Tuesday, September 21, 2010

State of the Series

Last week we had a long discussion about the many ideas that were being considered for the semester-long series project. The ideas were, for the most part, the result of thinking, "What am I going to draw for my series?" Perhaps a better approach would be to start drawing, anything, from anywhere...from observation, from imagination, from experimentation. Also beneficial would be defining the problem in your own vernacular, "What is a series?" Perhaps a collection of related images created in succession. Maybe they relate conceptually, maybe by process, maybe by subject. Look at the examples that were distributed at the beginning of the semester, look at the examples from our blog, research artists who work in series (that's probably going to be almost all of the ones you find).

The summer classes that responded to the same project, albeit compressed, generally had 3-6 drawings by the end of the summer session. Six weeks as opposed to sixteen weeks. Makes me curious to see what a ten week difference makes to the evolution of such an ambitious project.

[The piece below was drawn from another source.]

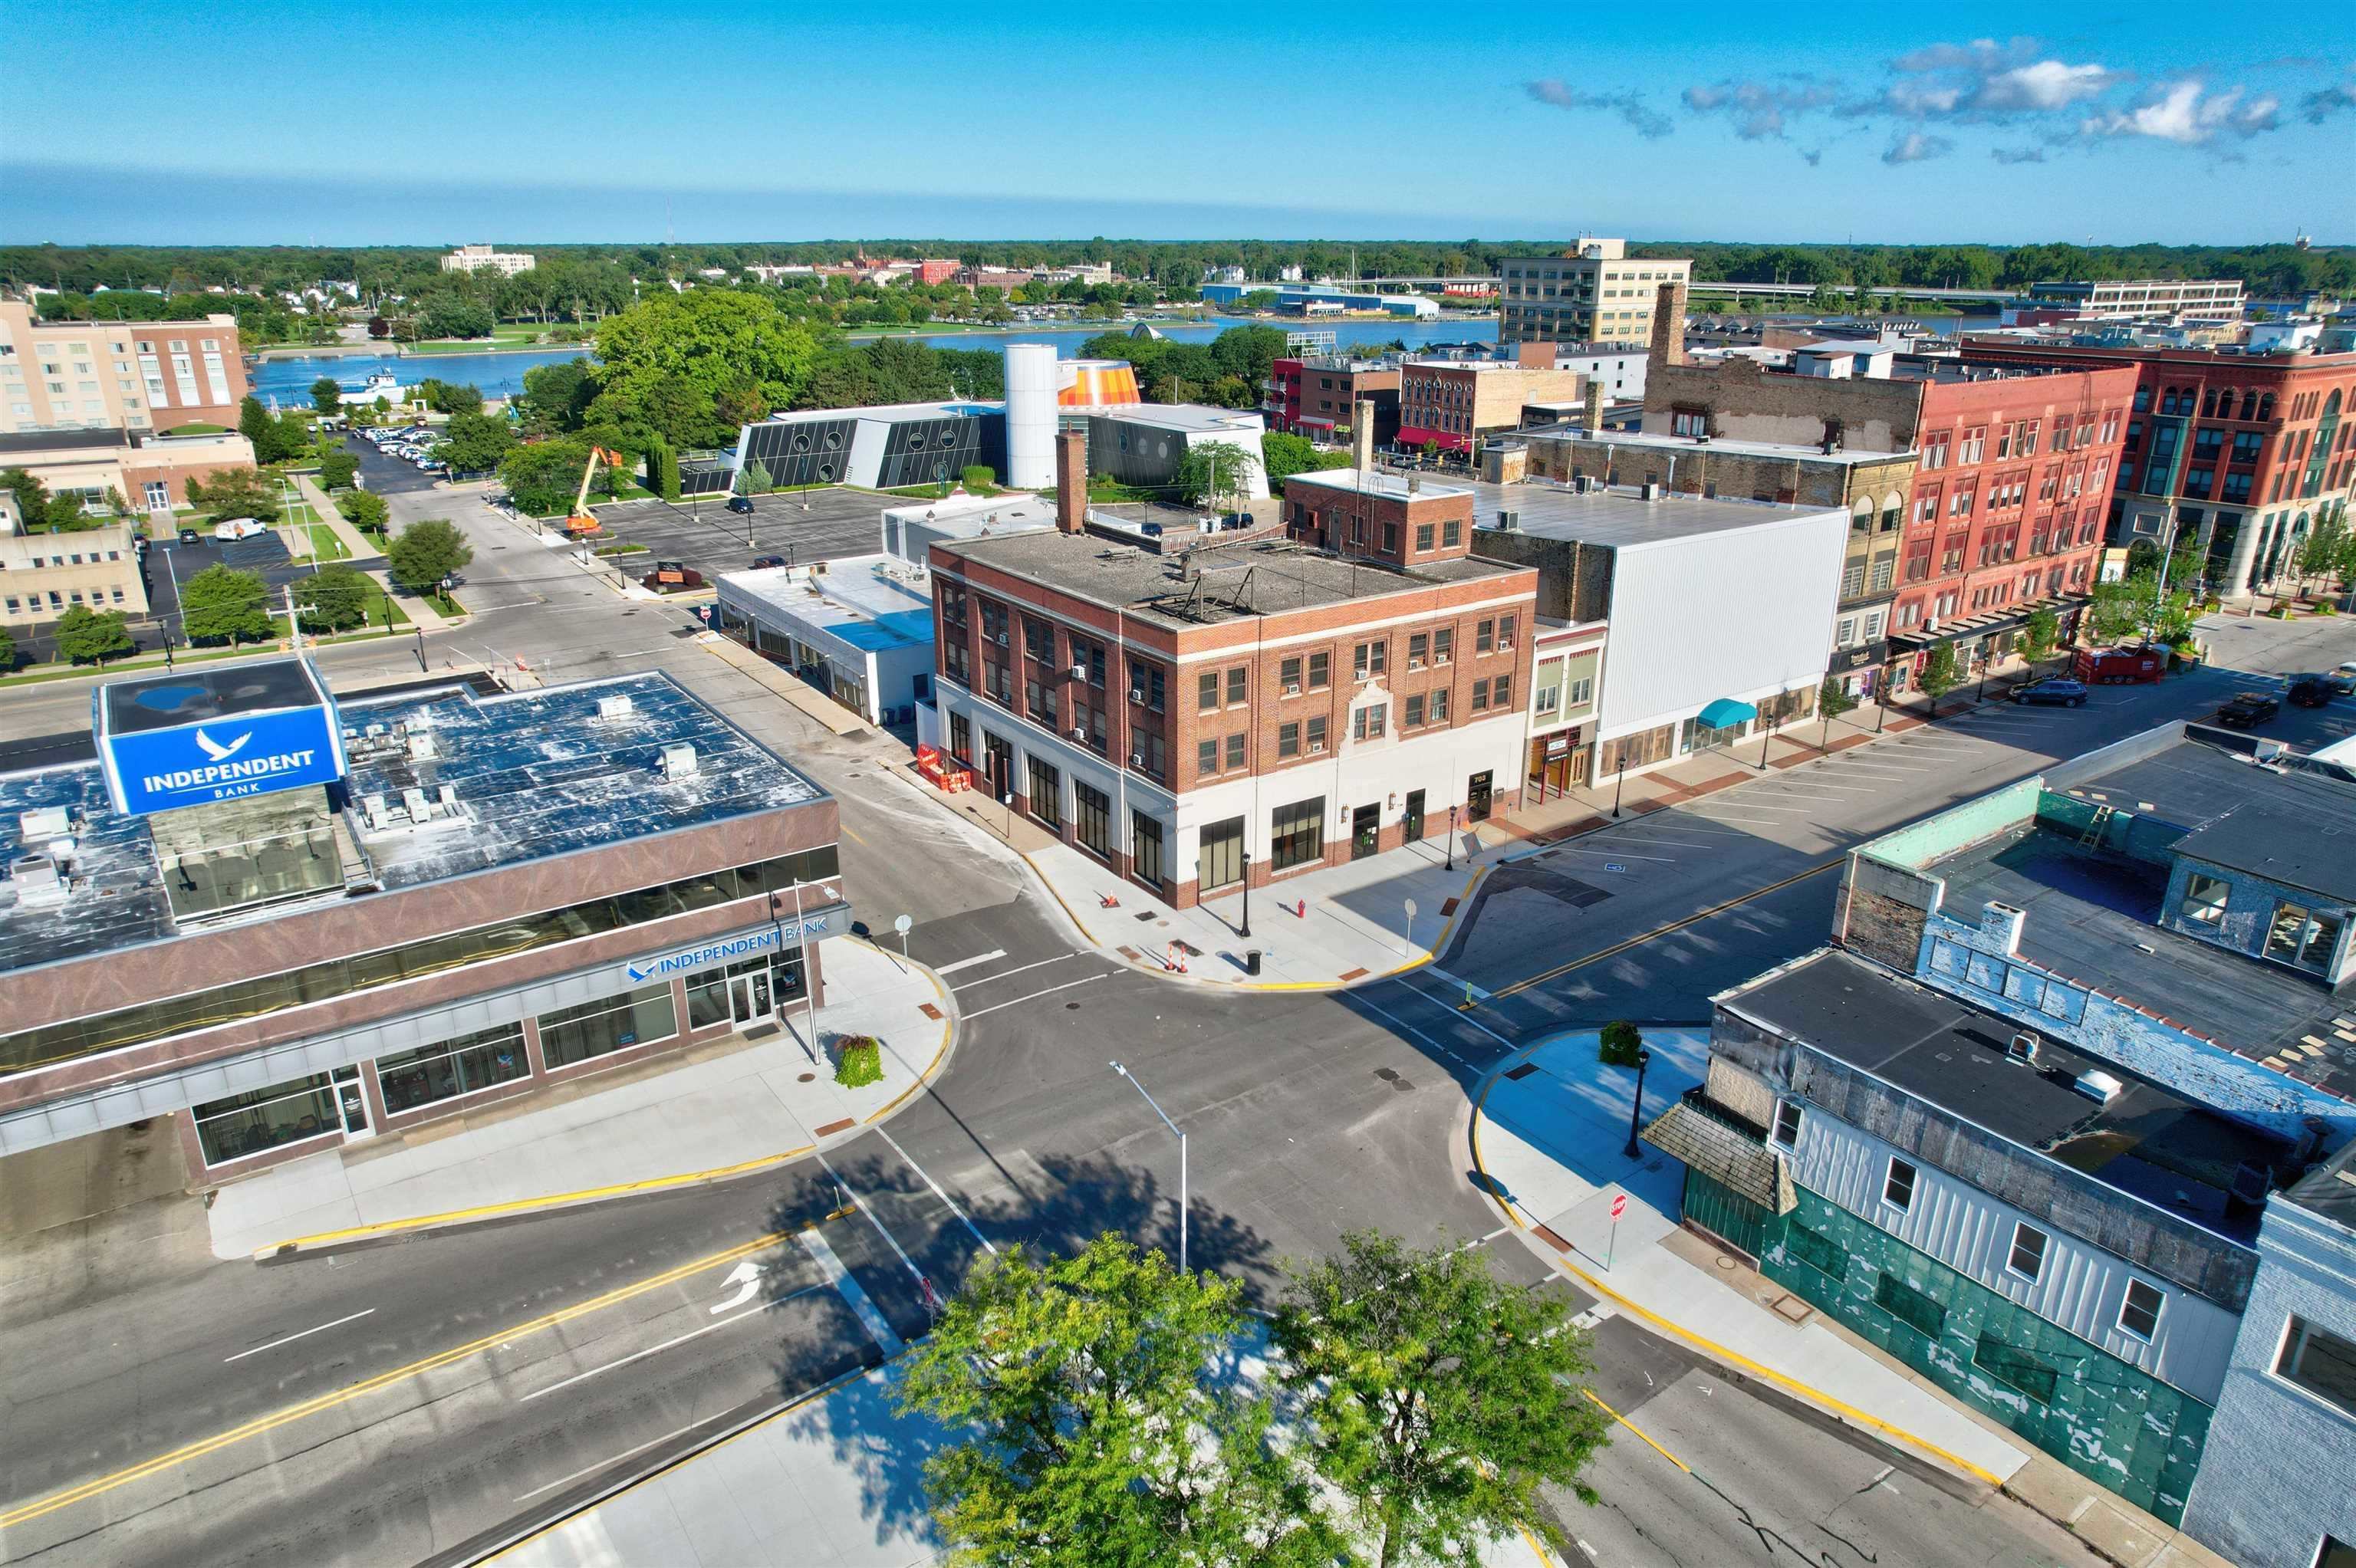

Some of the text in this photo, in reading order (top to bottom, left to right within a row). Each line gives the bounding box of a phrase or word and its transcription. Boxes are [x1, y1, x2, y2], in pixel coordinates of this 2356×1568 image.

As each series begins to develop, there will likely be changes made, media explored, ideas adjusted. You may end up with ten drawings, with four of them constituting a resolved series. Be open to that possibility. In the end, it will be far better to show and discuss the four that are related in succession, than the ten that jump from one idea to another, or one media to another. Not that the entire exploration of ten drawings couldn't be included in final portfolios, but for the presentation of the final series, the four may be the cream of the crop and worthy of saying "this is the culmination of my creative investigations."